E la birra? Extra Pale, Cara e Crystal  i malti; Simcoe, Citra e Mosaic  i luppoli. Nel bicchiere è leggermente velata e di color ramato, con riflessi dorati; la schiuma cremosa biancastra è un po' grossolana ma ha una buona persistenza. Al naso abbonda la frutta tropicale matura: mango, passion fruit e pompelmo rosa disegnano un bouquet semplice ma dalla buona freschezza e pulizia, con ottima intensità. La partenza così ricca e golosa crea delle aspettative che i primi sorsi non sembrano mantenere: a partire dal mouthfeel, ovviamente leggero e snello, con poche bollicine ma dalla consistenza a tratti troppo acquosa ed un  po' sfuggente. I malti parlano di caramello e biscotto, ma loro presenza è molto leggera ed è subito incalzata dalla stessa dolce frutta tropicale presente nell'aroma. Fin qui le cose procedono bene, con un'ottima intensità a fronte di un contenuto alcolico contenuto, ma nel finale la birra viene un po' a mancare, spegnendosi di fatto e facendo un piccolo tuffo nell'acquosità; bisogna aspettare qualche istante per sentirla riemergere, nel retrogusto amaro e moderatamente intenso dove le note vegetali sono accompagnate da quelle zesty. Una discreta bevuta che ha diversi punti in comune con quella precedente: un po' avara di emozioni, buon livello di pulizia ma un po' carente per quel che riguarda la fragranza e la secchezza. Ruffiana quanto basta al naso, non conquista allo stesso modo al palato: si beve con discreta soddisfazione ma se penso a splendidi esempi di "session beer" che provengono dal Regno Unito il confronto con questa o questa o con la Hopehead di Dark Star risulta abbastanza impietoso. 
Nel dettaglio:
This.  Is.  Lager, formato 33 cl., alc. 4.7%, IBU 40, lotto 160118, scad. 05/03/2017, 2.90 Euro (foodstore, Italia)
Dead Pony Club, formato 33 cl., alc. 3.8%, IBU 40, lotto 160187, scad. 06/04//2017, 2.90 Euro (foodstore, Italia)
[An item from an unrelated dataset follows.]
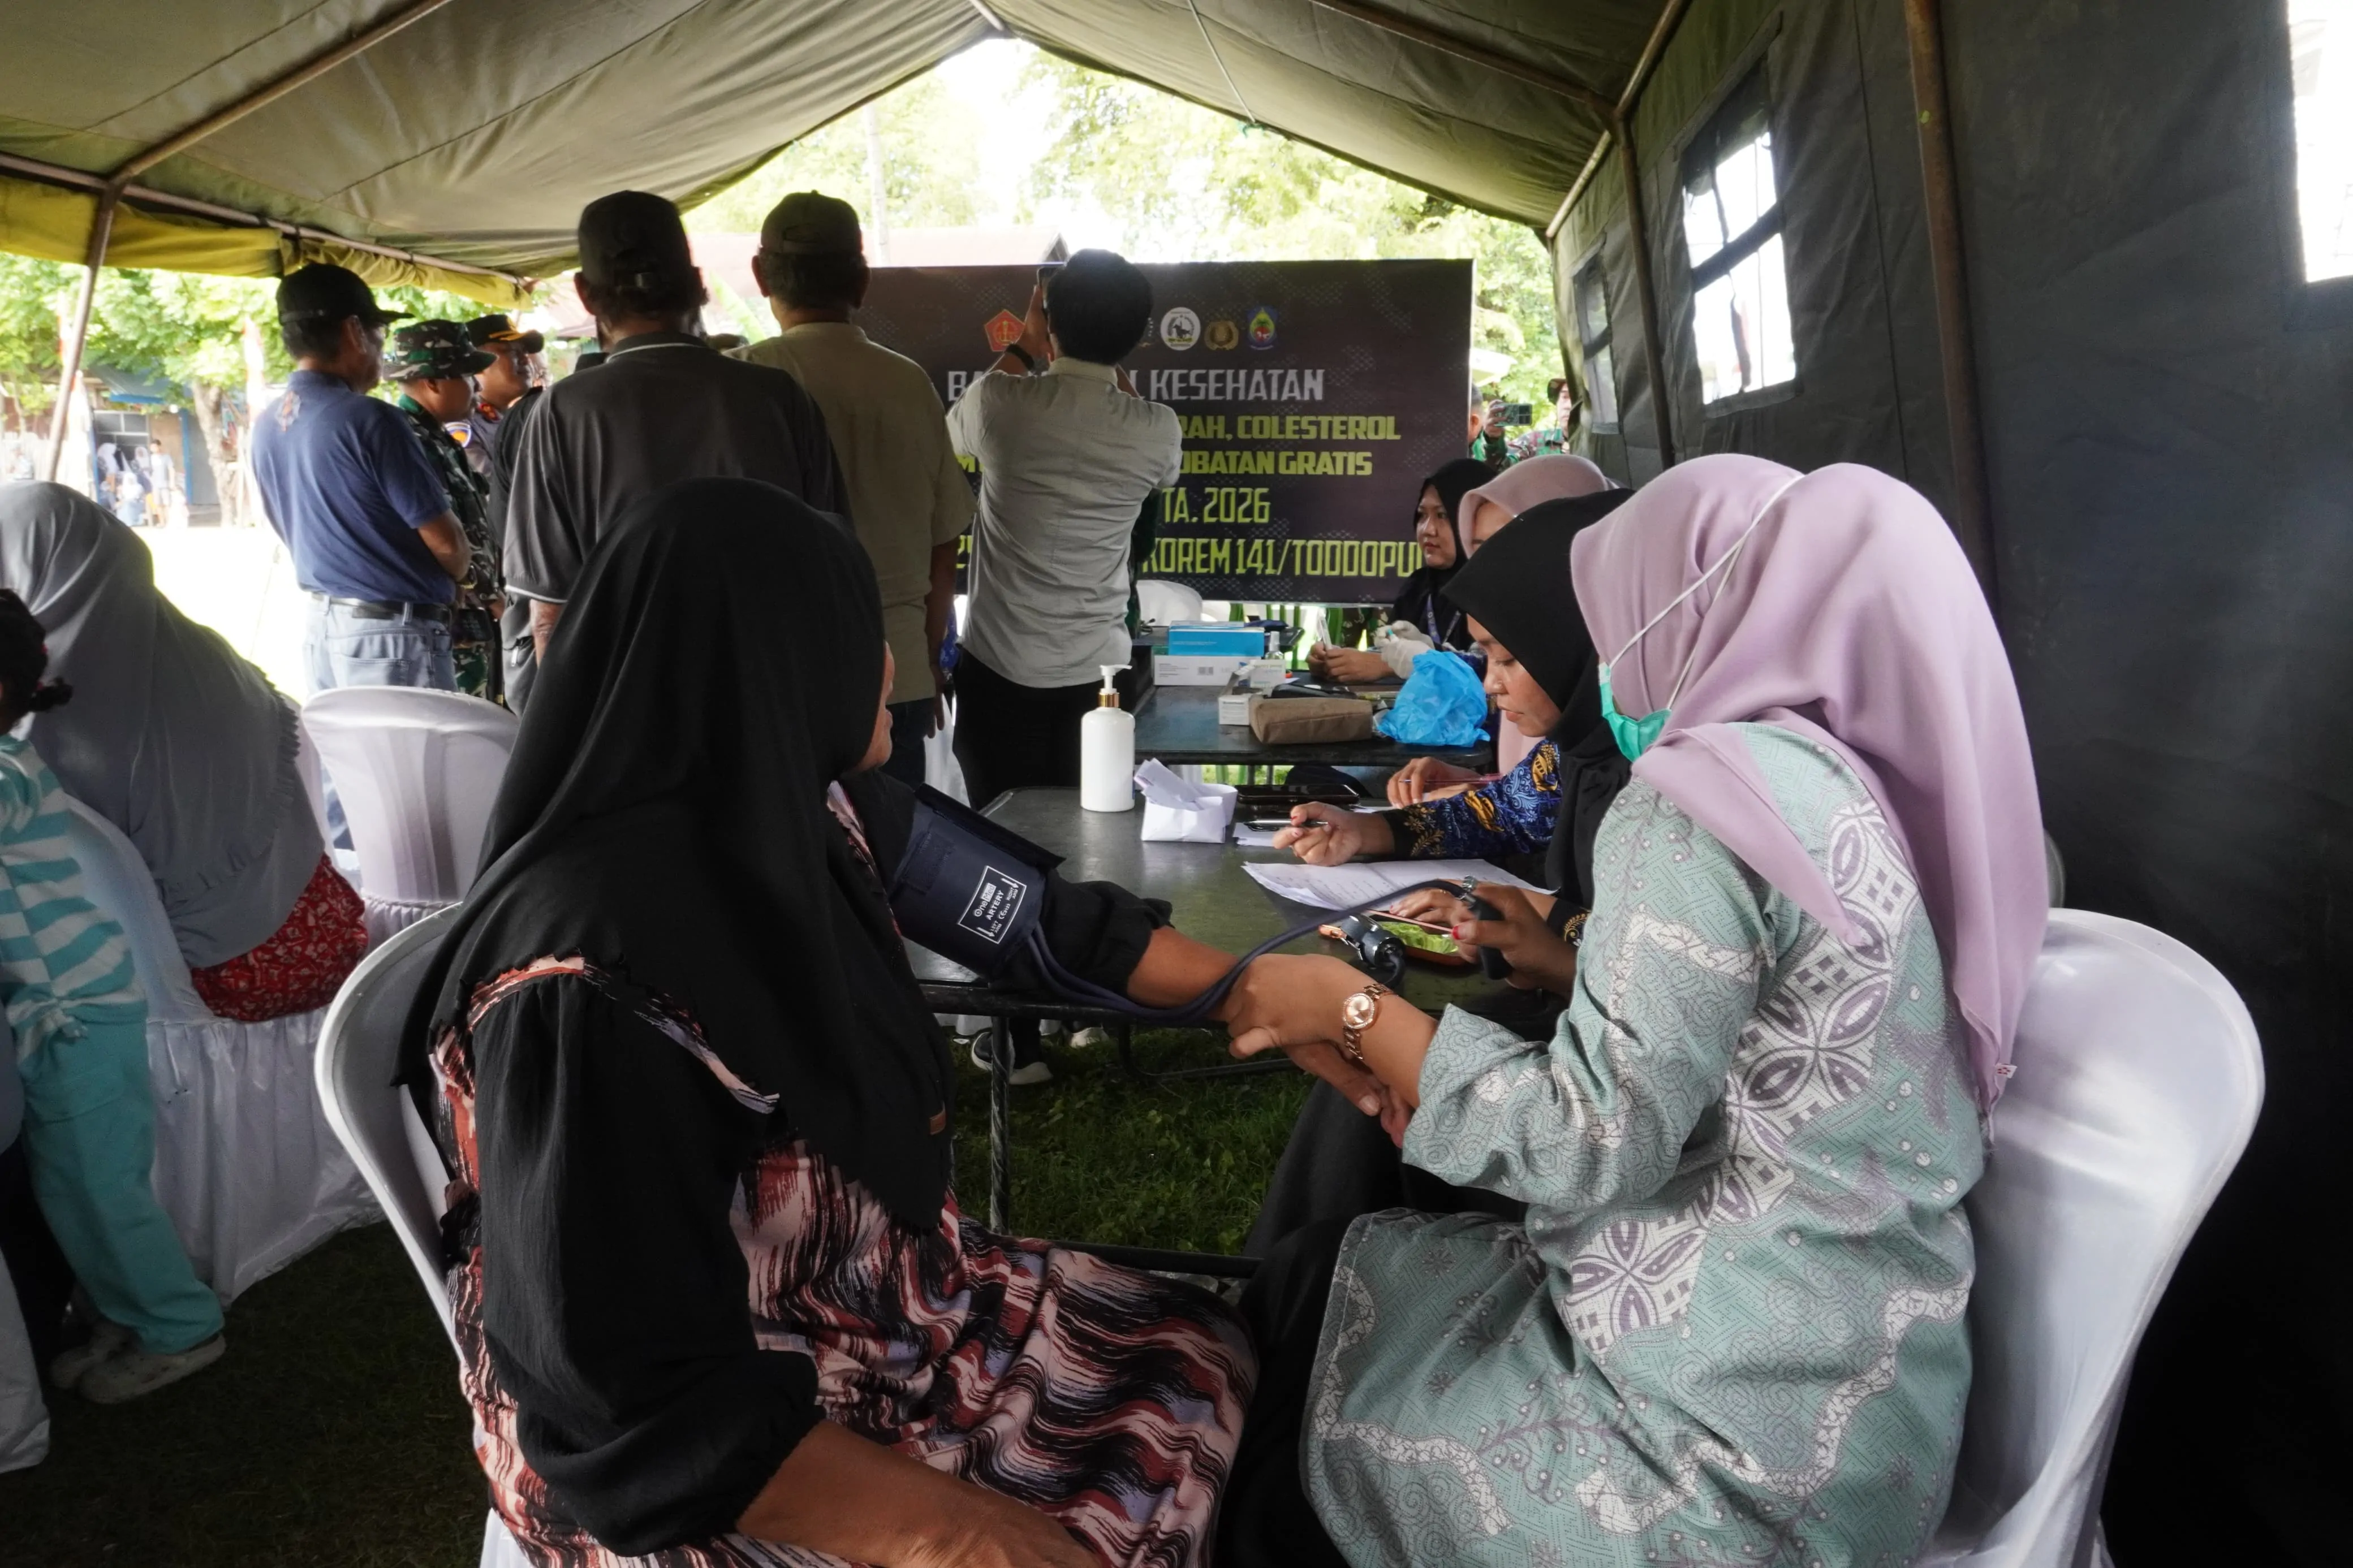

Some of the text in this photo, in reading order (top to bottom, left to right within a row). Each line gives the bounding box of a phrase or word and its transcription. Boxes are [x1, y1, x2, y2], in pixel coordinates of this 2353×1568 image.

NOTA: la descrizione della birra è basata esclusivamente sull’assaggio di questa bottiglia, e potrebbe non rispecchiare la produzione abituale del birrificio.

3 commenti:

  1. "L'estate avanza e con lei il caldo e la voglia di birre leggere, rinfrescanti e dissetanti, da bere senza troppi pensieri."
    Giusto. Volendo andare sul sicuro: http://unabirralgiorno.blogspot.it/2014/05/chimay-doree.html
    Tra l'altro, l'appartenenza al Club Dorée (http://www.chimaydoree.it/it/) è un ottimo indicatore per scegliere un locale.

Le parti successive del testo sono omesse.